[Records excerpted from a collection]
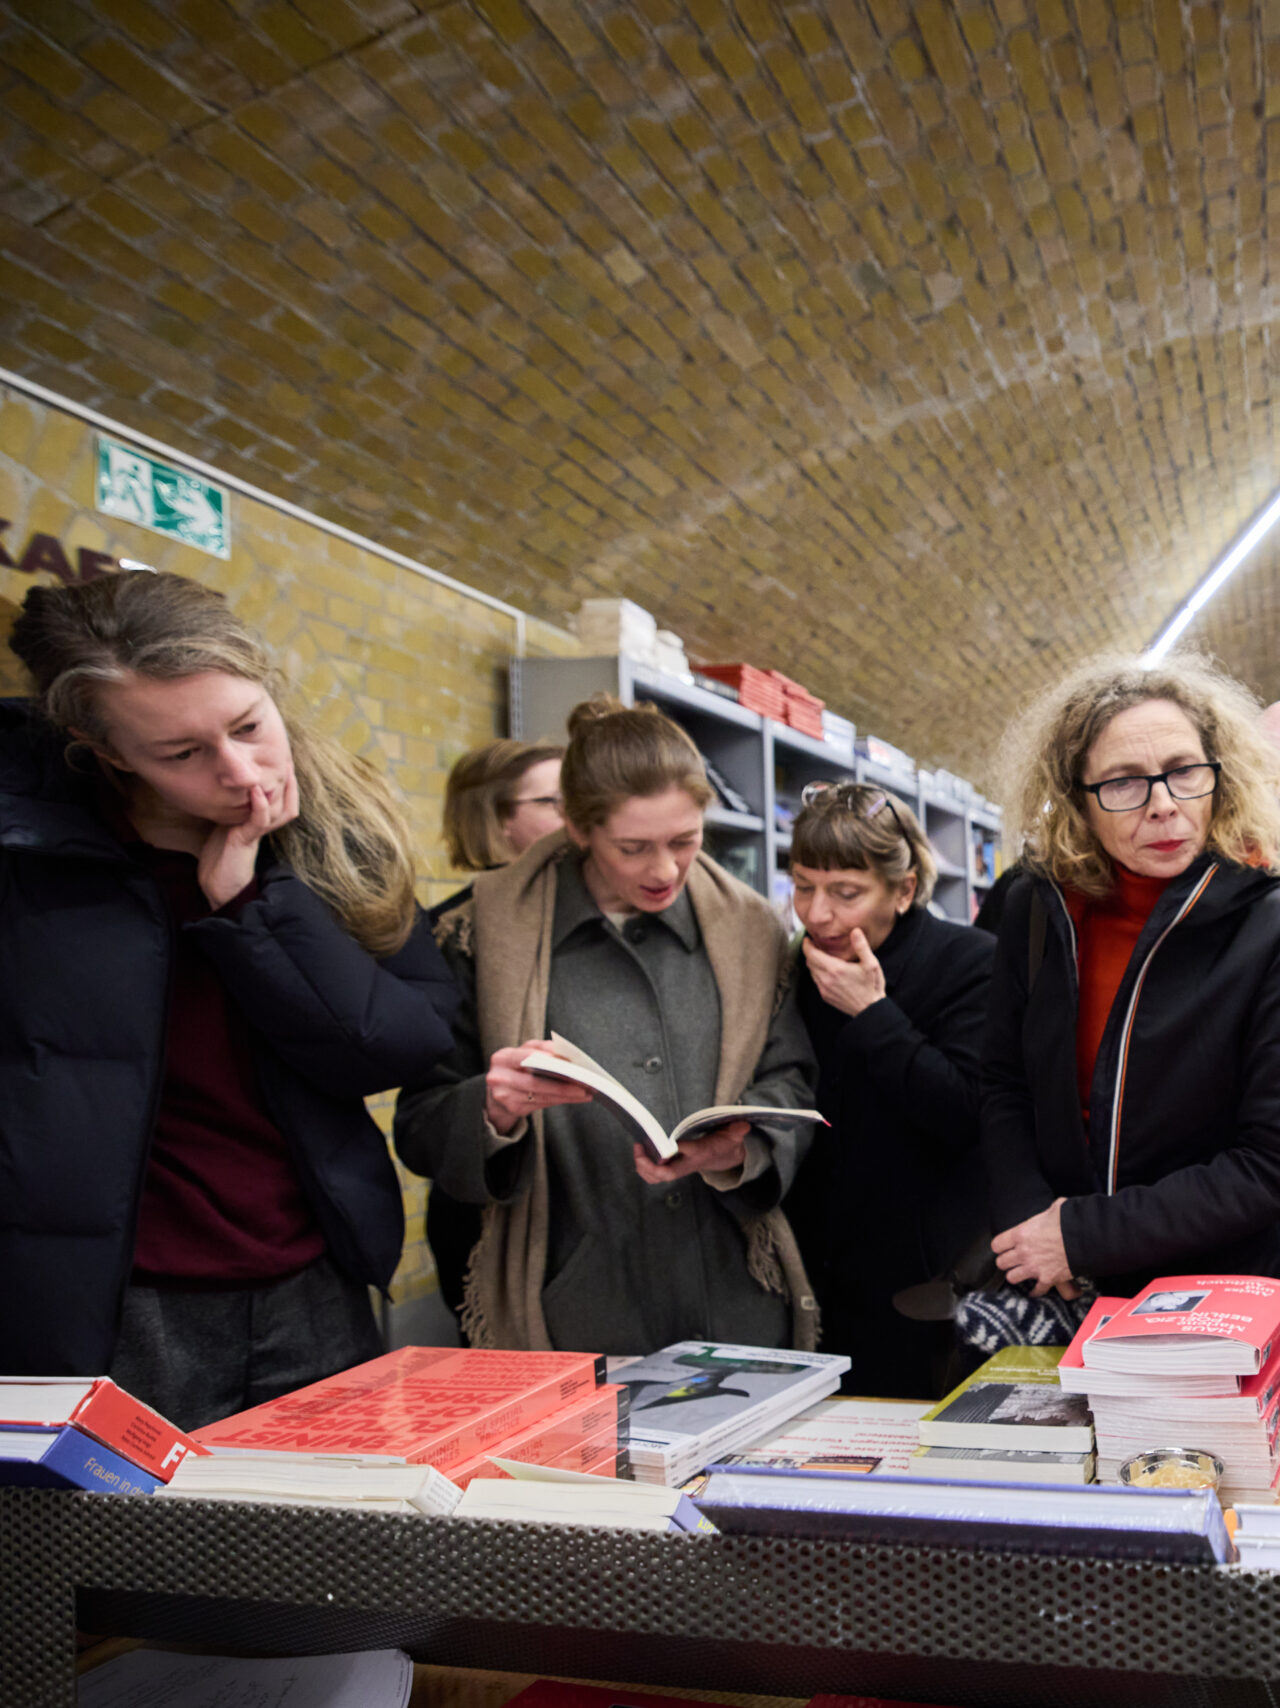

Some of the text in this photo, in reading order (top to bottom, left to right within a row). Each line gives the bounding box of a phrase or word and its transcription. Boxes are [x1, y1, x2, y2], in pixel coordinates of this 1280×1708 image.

[313, 1387, 514, 1405] PRACTICE
[417, 1405, 482, 1419] OF
[261, 1417, 457, 1434] FUTURES
[210, 1428, 424, 1450] FEMINIST
[84, 1457, 121, 1487] Frauen
[119, 1479, 132, 1493] in
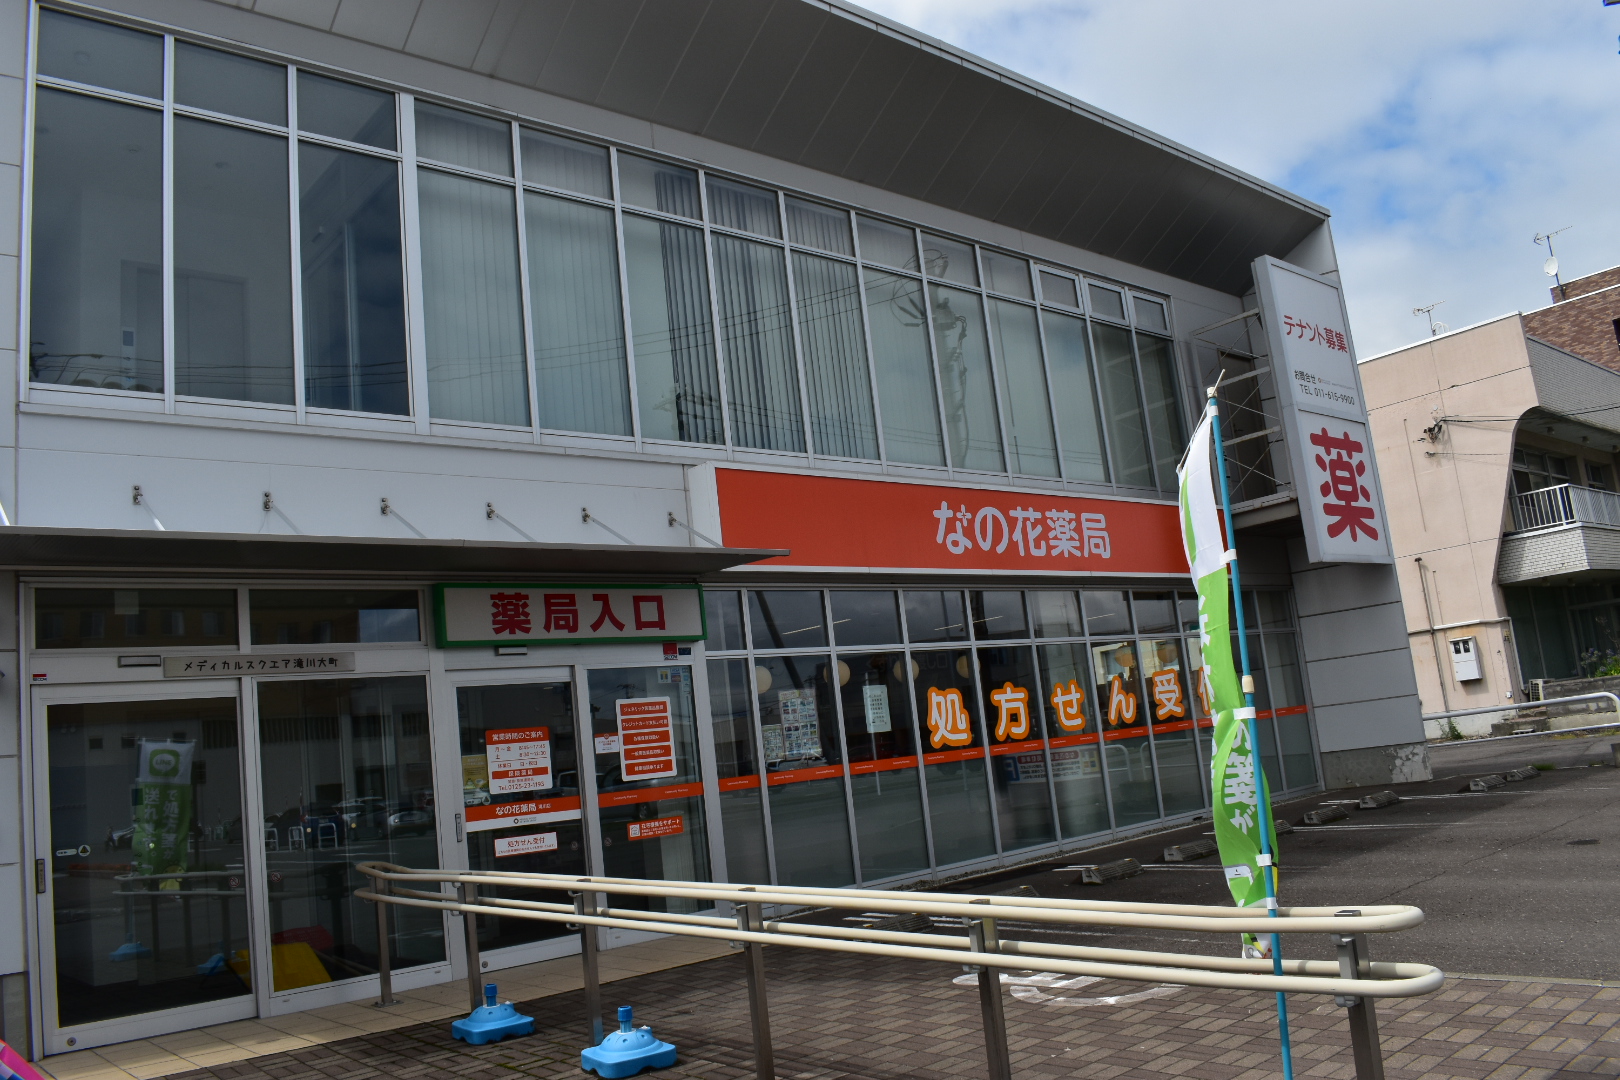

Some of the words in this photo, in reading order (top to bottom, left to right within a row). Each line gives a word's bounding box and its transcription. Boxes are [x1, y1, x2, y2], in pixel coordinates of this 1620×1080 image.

[1283, 314, 1348, 354] テナント募集
[1294, 370, 1316, 384] お問合せ
[1299, 384, 1313, 396] TEL
[1309, 427, 1379, 542] 薬
[933, 500, 1111, 559] なの花薬局
[489, 592, 666, 635] 薬局入口
[184, 657, 339, 672] メディカルスクエア滝川大町
[492, 731, 544, 741] 営業時間のご案内
[495, 803, 537, 815] なの花薬局
[507, 836, 546, 848] 処方せん受付

### Work instruction
In this exercise, set down all of the data exactly, without the pictures.

### Your response
Some of the text in this photo, in reading order (top to bottom, left to right within a row). Each line gives the bounding box of a phrase or word and its transcription. Boxes are [x1, y1, x2, y2], in pixel coordinates of this 1280×1708 image.

[313, 1387, 514, 1405] PRACTICE
[417, 1405, 482, 1419] OF
[261, 1417, 457, 1434] FUTURES
[210, 1428, 424, 1450] FEMINIST
[84, 1457, 121, 1487] Frauen
[119, 1479, 132, 1493] in

Some of the words in this photo, in reading order (top to bottom, left to right within a row). Each line gives a word's bounding box and its transcription. Boxes are [x1, y1, x2, y2], in pixel coordinates of this 1620×1080 image.

[1283, 314, 1348, 354] テナント募集
[1294, 370, 1316, 384] お問合せ
[1299, 384, 1313, 396] TEL
[1309, 427, 1379, 542] 薬
[933, 500, 1111, 559] なの花薬局
[489, 592, 666, 635] 薬局入口
[184, 657, 339, 672] メディカルスクエア滝川大町
[492, 731, 544, 741] 営業時間のご案内
[495, 803, 537, 815] なの花薬局
[507, 836, 546, 848] 処方せん受付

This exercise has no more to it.